## TASK DETAILS
Write out all the records exactly, and keep any images out.

══ RECORDED INFORMATION ══

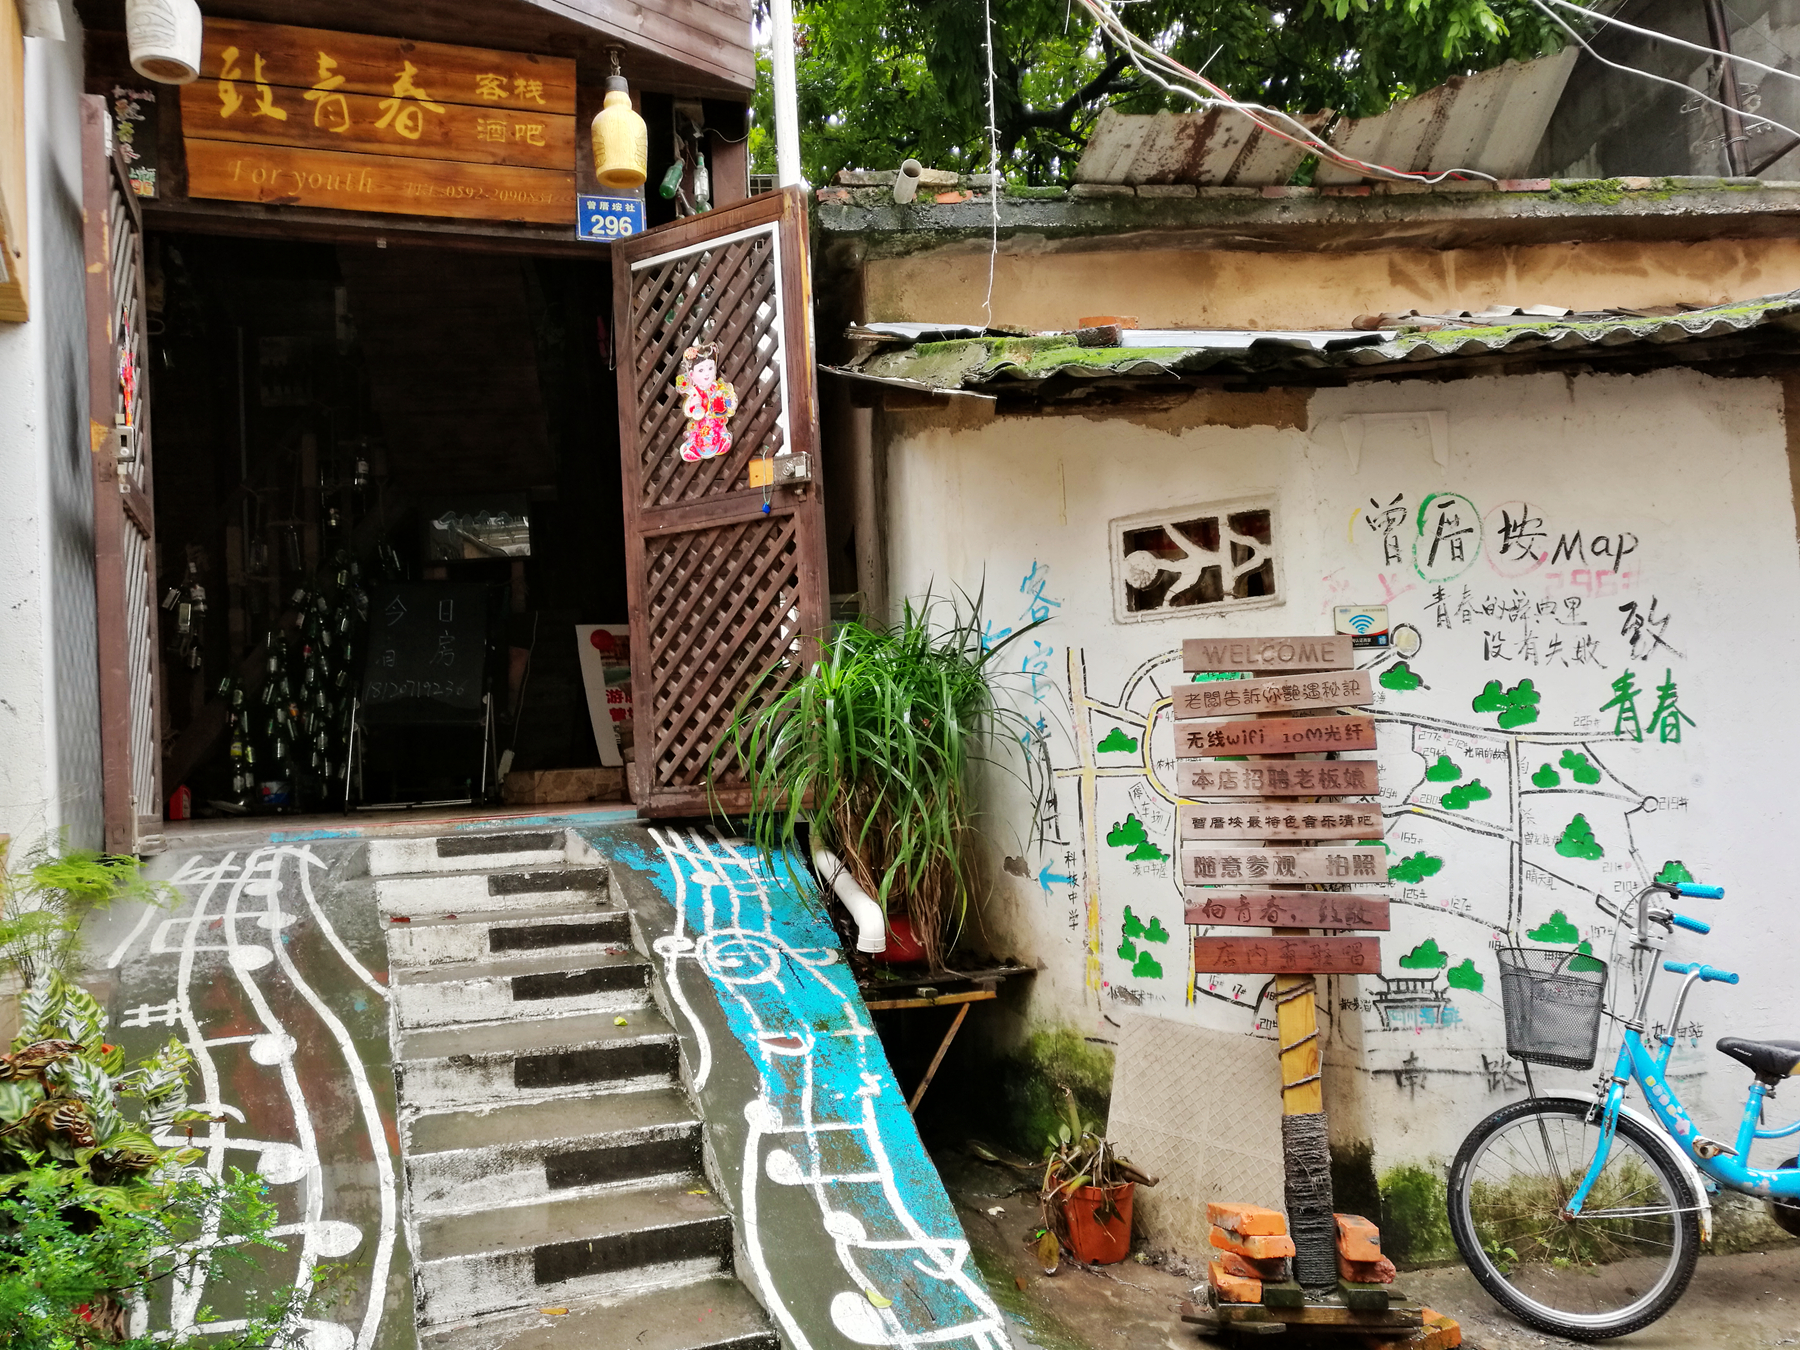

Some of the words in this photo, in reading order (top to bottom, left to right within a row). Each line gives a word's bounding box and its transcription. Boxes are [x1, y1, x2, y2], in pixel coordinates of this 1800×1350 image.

[218, 46, 446, 140] 致青春
[475, 73, 547, 105] 客栈
[476, 118, 547, 147] 酒吧
[228, 158, 283, 185] For
[288, 168, 373, 195] youth
[586, 200, 636, 212] 曾厝垵社
[591, 214, 633, 236] 296
[1366, 493, 1547, 567] 曾厝垵
[1551, 529, 1640, 573] Map
[1424, 585, 1588, 632] 青春的辞典里
[1619, 595, 1685, 662] 致
[1202, 643, 1336, 665] WELCOME
[1483, 627, 1608, 669] 没有失败
[1600, 668, 1697, 744] 青春
[1186, 729, 1265, 749] 无线wifi
[1282, 723, 1364, 744] 10M光纤
[1191, 767, 1368, 791] 本店招聘老板娘
[1132, 785, 1164, 825] 停车场

═══

## SOLUTION BELOW
Some of the words in this photo, in reading order (top to bottom, left to right within a row). Each line gives a word's bounding box and its transcription. Boxes are [x1, y1, x2, y2], in pixel coordinates of this 1800×1350 image.

[218, 46, 446, 140] 致青春
[475, 73, 547, 105] 客栈
[476, 118, 547, 147] 酒吧
[228, 158, 283, 185] For
[288, 168, 373, 195] youth
[586, 200, 636, 212] 曾厝垵社
[591, 214, 633, 236] 296
[1366, 493, 1547, 567] 曾厝垵
[1551, 529, 1640, 573] Map
[1424, 585, 1588, 632] 青春的辞典里
[1619, 595, 1685, 662] 致
[1202, 643, 1336, 665] WELCOME
[1483, 627, 1608, 669] 没有失败
[1600, 668, 1697, 744] 青春
[1186, 729, 1265, 749] 无线wifi
[1282, 723, 1364, 744] 10M光纤
[1191, 767, 1368, 791] 本店招聘老板娘
[1132, 785, 1164, 825] 停车场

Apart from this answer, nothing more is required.